Berdasar informasi di lingkungan kejaksaan, Fauzi dikenal sebagai jaksa yang suka bekerja keras sejak bertugas di Kejari Sorong, Papua. Dia lebih rajin dalam bekerja daripada pegawai lainnya. Di mata atasan, dia termasuk jaksa yang loyal. Dari sanalah, namanya dikenal Maruli Hutagalung yang saat itu menjadi Kajati Papua.
Fauzi kemudian pindah tugas di Kejaksaan Agung, tepatnya di bagian perdata dan tata usaha negara. Dia mengikuti kepindahan Maruli. Selama bertugas di Gedung Bundar, dia beberapa kali mengikuti pelatihan di bidang penanganan kasus korupsi. Salah satunya adalah assessment kompetensi bagi pejabat jaksa spesialis tindak pidana korupsi.

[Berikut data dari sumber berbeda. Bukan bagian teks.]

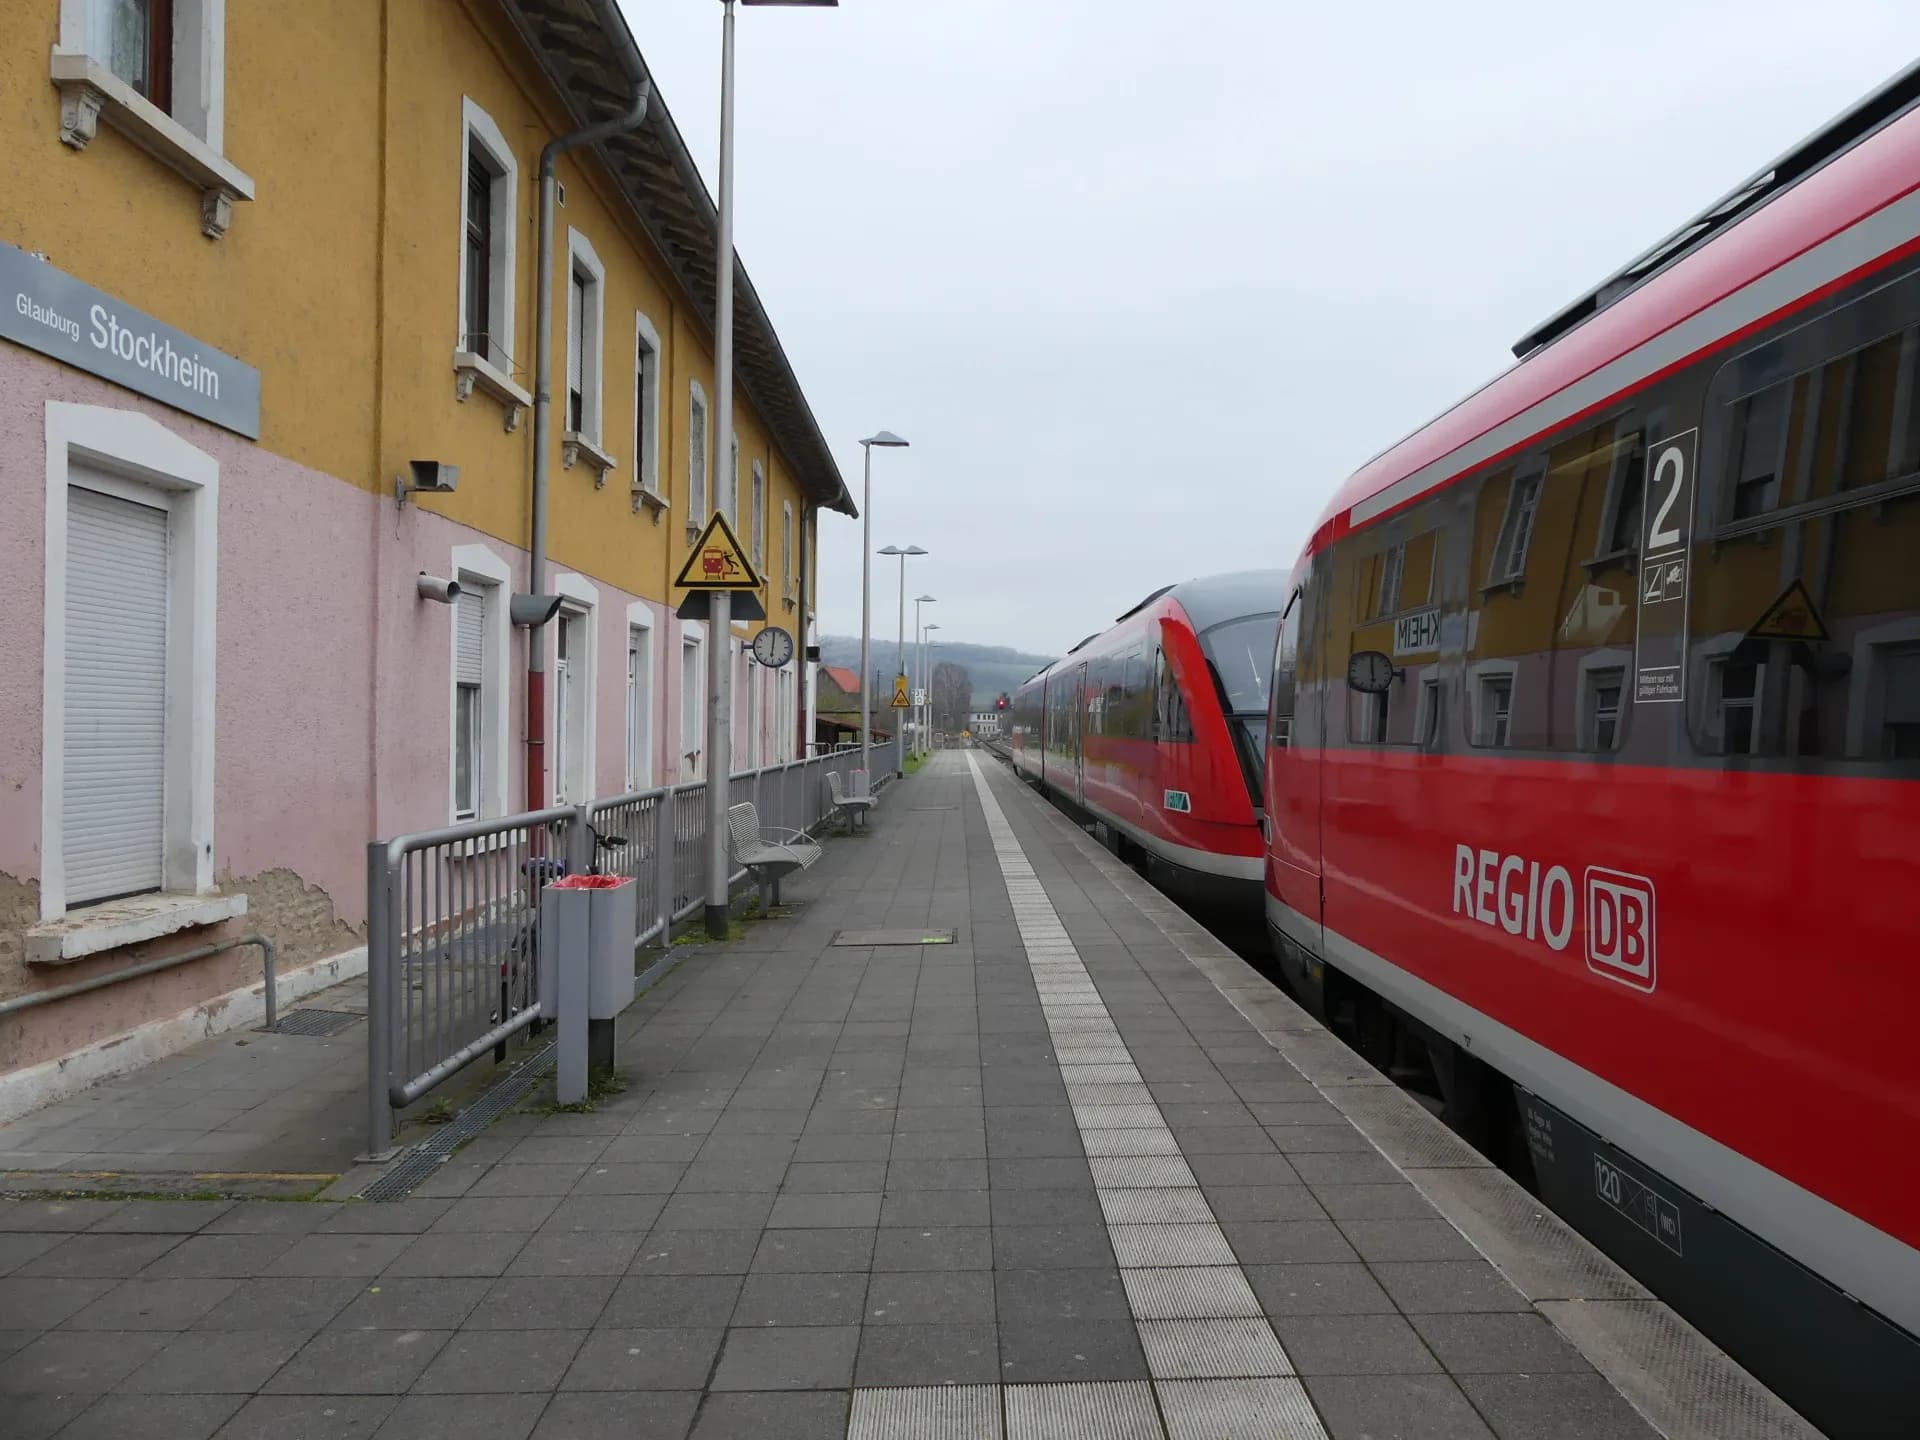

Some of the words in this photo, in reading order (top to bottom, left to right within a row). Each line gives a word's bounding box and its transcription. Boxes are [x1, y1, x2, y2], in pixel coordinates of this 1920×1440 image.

[16, 292, 80, 343] Glauburg
[90, 304, 219, 400] Stockheim
[1648, 446, 1685, 549] 2
[1453, 843, 1575, 951] REGIO
[1593, 885, 1646, 968] DB
[1596, 1160, 1621, 1205] 120

PNS golongan III-b itu termasuk moncer. Dalam assessment yang diikuti 1.455 jaksa dari seluruh Indonesia pada Desember 2013, hanya 214 orang yang dinyatakan lulus. Fauzi adalah salah satunya. Bahkan, untuk peserta jaksa yang berasal dari Kejaksaan Agung, hanya 12 di antara 24 peserta yang dinyatakan lulus. Fauzi berada di urutan pertama. Sebelas jaksa lainnya dinyatakan lulus dengan catatan.
Di kalangan pegawai Kejati Jatim, nama Fauzi belum cukup dikenal. Namanya langsung bombastis dan menjadi buah bibir sejak ditangkap karena memeras. Selain perangainya yang pendiam, pria asal Bandung itu jarang bergaul dengan jaksa di luar lantai 5 yang menjadi markas pengusutan kasus korupsi.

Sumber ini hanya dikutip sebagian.